MCP CosmosDB

mcp_get_container_stats

Retrieve container statistics like document count, size, and partition key distribution for capacity planning and performance analysis.

Instructions

Get statistical information about a container including document count, estimated size, and partition key distribution. Use this for capacity planning and performance analysis. Example: mcp_get_container_stats({container_id: 'orders', sample_size: 500})

Input Schema

TableJSON Schema

Name	Required	Description
`container_id`	Yes	The ID/name of the container to analyze
`sample_size`	No	Number of documents to sample for statistics (default: 1000, higher = more accurate but slower)
`connection_id`	No	ID of the connection to use. Use mcp_list_connections to see available connections. If not specified, uses the default connection.

Implementation Reference

src/tools/containerAnalysis.ts:126-193 (handler)

The handler function that executes the tool logic for mcp_get_container_stats.
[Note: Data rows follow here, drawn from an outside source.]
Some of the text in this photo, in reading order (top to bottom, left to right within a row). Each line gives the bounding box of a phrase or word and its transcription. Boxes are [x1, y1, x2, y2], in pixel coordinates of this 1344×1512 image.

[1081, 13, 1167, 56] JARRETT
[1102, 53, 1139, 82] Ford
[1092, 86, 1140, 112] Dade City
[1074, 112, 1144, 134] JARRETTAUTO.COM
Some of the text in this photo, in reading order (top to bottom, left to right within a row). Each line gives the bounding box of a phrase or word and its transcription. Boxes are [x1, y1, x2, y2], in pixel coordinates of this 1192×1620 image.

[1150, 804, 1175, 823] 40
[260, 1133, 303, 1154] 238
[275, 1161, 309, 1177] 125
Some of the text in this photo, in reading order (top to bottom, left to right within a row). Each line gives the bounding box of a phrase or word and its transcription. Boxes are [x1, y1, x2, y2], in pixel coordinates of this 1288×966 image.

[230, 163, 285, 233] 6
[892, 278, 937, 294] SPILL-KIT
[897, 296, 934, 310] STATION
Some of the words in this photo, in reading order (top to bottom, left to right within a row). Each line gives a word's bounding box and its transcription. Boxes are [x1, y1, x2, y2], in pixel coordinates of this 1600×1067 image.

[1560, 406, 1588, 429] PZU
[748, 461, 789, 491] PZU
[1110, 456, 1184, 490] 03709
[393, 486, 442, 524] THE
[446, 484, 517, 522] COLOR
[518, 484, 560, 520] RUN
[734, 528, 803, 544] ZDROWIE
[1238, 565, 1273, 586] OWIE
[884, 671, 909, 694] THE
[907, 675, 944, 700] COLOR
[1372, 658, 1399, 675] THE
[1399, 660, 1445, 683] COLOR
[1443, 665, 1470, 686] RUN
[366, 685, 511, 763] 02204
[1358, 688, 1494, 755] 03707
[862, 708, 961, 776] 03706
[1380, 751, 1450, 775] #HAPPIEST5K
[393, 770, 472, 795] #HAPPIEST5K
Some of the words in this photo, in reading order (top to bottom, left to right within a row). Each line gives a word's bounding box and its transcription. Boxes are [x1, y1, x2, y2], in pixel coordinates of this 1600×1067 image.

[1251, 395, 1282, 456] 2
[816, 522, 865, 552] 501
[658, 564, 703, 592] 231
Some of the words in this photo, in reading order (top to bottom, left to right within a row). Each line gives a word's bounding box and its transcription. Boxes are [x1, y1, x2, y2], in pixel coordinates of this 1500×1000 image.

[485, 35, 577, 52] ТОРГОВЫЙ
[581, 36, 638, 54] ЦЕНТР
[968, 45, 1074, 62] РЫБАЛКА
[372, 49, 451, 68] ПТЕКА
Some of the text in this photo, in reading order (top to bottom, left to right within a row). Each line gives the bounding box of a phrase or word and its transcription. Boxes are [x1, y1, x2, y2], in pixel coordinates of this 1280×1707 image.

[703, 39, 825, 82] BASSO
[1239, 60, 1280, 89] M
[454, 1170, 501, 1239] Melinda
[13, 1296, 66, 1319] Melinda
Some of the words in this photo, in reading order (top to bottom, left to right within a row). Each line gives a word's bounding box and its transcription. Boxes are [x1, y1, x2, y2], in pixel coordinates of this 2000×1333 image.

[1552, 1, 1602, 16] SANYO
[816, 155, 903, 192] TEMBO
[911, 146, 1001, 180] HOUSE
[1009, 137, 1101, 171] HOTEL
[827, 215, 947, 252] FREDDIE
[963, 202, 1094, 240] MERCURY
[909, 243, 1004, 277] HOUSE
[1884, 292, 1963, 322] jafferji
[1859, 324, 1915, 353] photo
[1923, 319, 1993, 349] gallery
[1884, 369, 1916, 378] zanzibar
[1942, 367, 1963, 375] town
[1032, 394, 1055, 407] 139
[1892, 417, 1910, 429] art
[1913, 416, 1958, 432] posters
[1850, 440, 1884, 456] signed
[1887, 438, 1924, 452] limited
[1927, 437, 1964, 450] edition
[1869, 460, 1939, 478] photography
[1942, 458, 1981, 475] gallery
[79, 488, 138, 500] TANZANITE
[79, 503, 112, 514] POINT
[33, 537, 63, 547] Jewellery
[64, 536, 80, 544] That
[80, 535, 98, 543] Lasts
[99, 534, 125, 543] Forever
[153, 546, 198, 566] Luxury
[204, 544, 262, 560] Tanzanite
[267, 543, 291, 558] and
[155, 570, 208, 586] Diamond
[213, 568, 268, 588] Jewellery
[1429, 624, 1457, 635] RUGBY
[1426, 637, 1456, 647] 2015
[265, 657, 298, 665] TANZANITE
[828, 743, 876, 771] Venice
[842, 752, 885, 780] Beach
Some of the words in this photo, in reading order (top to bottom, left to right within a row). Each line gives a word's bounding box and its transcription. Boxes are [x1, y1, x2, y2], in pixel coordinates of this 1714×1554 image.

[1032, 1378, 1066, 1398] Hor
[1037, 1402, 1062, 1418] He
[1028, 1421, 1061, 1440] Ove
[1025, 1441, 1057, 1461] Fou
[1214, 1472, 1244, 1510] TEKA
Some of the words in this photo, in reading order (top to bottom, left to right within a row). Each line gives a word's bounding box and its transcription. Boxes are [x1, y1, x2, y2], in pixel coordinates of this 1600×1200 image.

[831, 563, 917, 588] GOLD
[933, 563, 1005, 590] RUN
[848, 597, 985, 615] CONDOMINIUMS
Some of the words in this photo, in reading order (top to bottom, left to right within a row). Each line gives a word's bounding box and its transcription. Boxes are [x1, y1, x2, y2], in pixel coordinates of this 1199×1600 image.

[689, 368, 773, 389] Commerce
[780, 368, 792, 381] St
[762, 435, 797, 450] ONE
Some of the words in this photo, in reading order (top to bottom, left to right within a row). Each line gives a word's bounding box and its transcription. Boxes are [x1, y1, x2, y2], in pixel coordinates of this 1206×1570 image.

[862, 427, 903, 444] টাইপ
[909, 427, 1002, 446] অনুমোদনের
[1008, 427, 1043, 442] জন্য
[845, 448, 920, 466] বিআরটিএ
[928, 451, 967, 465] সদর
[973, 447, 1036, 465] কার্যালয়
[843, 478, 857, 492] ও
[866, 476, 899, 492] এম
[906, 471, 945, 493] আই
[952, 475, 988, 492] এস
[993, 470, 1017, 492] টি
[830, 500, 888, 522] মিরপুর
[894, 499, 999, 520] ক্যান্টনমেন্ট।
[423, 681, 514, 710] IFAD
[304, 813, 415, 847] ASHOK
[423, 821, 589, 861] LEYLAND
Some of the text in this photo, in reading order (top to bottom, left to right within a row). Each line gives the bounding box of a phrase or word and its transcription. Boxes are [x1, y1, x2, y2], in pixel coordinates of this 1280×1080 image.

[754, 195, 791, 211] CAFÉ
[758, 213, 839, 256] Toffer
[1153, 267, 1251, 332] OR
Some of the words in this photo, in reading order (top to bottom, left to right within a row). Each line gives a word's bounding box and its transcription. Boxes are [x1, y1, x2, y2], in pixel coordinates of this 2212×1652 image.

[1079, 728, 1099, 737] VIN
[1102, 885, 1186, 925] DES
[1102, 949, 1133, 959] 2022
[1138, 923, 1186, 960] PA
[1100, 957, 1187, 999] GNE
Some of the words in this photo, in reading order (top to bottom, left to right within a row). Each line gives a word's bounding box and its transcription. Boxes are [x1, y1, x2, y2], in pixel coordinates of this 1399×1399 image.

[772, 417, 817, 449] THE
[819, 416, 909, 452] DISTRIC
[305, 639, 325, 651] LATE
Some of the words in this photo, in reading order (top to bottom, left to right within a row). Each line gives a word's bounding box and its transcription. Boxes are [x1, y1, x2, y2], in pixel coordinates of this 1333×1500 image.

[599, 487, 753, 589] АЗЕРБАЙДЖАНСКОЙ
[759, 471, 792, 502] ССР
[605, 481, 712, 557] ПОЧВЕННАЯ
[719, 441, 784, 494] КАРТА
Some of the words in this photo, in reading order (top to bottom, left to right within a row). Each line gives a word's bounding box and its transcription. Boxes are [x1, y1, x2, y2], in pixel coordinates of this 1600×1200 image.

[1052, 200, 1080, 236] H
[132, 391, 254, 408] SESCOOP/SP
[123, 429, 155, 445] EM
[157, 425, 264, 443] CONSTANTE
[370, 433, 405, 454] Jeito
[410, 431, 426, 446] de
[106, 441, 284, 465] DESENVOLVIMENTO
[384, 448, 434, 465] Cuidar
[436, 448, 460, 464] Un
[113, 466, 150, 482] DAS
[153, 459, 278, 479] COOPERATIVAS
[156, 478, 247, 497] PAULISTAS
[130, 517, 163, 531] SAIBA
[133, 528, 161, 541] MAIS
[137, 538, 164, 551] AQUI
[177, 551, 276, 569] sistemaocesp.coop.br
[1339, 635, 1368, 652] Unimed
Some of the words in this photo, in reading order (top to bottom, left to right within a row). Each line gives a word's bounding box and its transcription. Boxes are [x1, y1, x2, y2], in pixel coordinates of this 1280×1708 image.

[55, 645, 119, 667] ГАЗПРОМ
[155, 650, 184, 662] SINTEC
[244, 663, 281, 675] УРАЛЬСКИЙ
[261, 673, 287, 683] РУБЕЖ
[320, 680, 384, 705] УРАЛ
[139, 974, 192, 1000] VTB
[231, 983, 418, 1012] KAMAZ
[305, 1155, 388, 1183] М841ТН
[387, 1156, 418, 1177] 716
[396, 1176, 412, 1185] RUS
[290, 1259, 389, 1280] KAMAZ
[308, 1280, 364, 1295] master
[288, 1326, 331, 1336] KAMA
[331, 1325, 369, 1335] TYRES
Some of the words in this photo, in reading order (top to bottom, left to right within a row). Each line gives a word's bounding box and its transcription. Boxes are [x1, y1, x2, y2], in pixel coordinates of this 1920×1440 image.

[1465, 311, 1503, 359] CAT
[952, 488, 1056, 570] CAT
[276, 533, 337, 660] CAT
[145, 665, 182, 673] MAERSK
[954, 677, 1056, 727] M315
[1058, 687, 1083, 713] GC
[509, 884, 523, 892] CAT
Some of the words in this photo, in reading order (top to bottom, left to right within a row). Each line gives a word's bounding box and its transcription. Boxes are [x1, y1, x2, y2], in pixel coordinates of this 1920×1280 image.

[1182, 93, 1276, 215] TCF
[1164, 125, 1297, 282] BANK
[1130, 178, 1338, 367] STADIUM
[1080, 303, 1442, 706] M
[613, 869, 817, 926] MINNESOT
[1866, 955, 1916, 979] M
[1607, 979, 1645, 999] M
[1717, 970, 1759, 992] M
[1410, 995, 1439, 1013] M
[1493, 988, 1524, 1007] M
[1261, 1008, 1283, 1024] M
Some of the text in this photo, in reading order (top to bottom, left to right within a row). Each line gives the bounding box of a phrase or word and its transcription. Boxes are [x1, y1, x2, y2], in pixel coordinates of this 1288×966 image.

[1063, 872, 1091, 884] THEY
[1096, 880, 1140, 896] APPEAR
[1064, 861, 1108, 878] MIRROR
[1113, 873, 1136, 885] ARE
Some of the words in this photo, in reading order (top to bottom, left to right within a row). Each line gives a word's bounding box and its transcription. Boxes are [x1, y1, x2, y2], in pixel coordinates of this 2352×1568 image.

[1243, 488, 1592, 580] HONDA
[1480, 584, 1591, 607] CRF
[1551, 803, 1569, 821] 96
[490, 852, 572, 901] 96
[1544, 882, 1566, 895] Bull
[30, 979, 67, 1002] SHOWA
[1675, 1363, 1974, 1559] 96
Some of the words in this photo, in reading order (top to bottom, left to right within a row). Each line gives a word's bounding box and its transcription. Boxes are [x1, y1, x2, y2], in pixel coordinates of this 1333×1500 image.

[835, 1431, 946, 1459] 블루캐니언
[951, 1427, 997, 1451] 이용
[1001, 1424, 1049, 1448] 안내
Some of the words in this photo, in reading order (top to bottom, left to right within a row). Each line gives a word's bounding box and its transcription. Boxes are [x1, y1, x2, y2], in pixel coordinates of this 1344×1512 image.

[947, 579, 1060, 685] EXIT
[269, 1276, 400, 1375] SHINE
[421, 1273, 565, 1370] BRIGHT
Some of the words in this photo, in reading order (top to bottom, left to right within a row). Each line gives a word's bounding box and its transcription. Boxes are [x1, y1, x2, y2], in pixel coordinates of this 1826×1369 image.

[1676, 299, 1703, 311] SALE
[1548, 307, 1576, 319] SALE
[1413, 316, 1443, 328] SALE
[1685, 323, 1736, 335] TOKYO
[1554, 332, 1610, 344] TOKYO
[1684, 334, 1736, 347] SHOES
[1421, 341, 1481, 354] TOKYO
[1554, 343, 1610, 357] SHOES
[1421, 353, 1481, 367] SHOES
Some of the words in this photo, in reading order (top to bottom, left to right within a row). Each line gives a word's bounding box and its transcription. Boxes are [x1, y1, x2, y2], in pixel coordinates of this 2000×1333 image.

It counts total documents, samples documents to estimate size, and analyzes partition key distribution.

/**
 * Get statistical information about a container (document count, size, partition distribution)
 */
export const mcp_get_container_stats = async (args: { container_id: string; sample_size?: number; connection_id?: string }): Promise<ToolResult<ContainerStats>> => {
  const { container_id, sample_size = 1000, connection_id } = args;
  log(`Executing mcp_get_container_stats with: ${JSON.stringify(args)}`);

  try {
    const container = getContainer(container_id, connection_id);
    
    // Query to count total documents
    const countQuery = 'SELECT VALUE COUNT(1) FROM c';
    const { resources: countResult } = await container.items.query(countQuery).fetchAll();
    const documentCount = countResult[0] || 0;

    // Get partition key path for statistics
    const { resource: containerDef } = await container.read();
    if (!containerDef || !containerDef.partitionKey || !containerDef.partitionKey.paths || containerDef.partitionKey.paths.length === 0) {
      throw new Error(`Container ${container_id} does not have a valid partition key defined`);
    }
    const partitionKeyPath = containerDef.partitionKey.paths[0];

    // Sample documents to estimate size and analyze partitions
    const sampleQuery = `SELECT TOP ${sample_size} * FROM c`;
    const { resources: sampleDocs } = await container.items.query(sampleQuery).fetchAll();

    // Calculate estimated size based on sample
    let totalSampleSize = 0;
    const partitionStats: Record<string, { count: number; size: number }> = {};

    sampleDocs.forEach(doc => {
      const docSize = JSON.stringify(doc).length;
      totalSampleSize += docSize;

      // Get partition key value
      const partitionValue = getNestedProperty(doc, partitionKeyPath.substring(1)); // Remove leading '/'
      const partitionKey = String(partitionValue || 'undefined');

      if (!partitionStats[partitionKey]) {
        partitionStats[partitionKey] = { count: 0, size: 0 };
      }
      partitionStats[partitionKey].count++;
      partitionStats[partitionKey].size += docSize;
    });

    // Estimate total size
    const avgDocSize = sampleDocs.length > 0 ? totalSampleSize / sampleDocs.length : 0;
    const estimatedSizeInKB = Math.round((documentCount * avgDocSize) / 1024);

    // Convert partition stats
    const partitionKeyStatistics = Object.entries(partitionStats).map(([key, stats]) => ({
      partitionKeyValue: key,
      documentCount: Math.round((stats.count / sampleDocs.length) * documentCount),
      sizeInKB: Math.round(stats.size / 1024)
    }));

    const containerStats: ContainerStats = {
      documentCount,
      sizeInKB: estimatedSizeInKB,
      partitionKeyStatistics
    };

    return { success: true, data: containerStats };
  } catch (error: any) {
    log(`Error in mcp_get_container_stats for container ${container_id}: ${error.message}`);
    return { success: false, error: error.message };
  }
};

src/tools/types.ts:38-49 (schema)

The ContainerStats and PartitionKeyStats interfaces defining the return type shape for mcp_get_container_stats.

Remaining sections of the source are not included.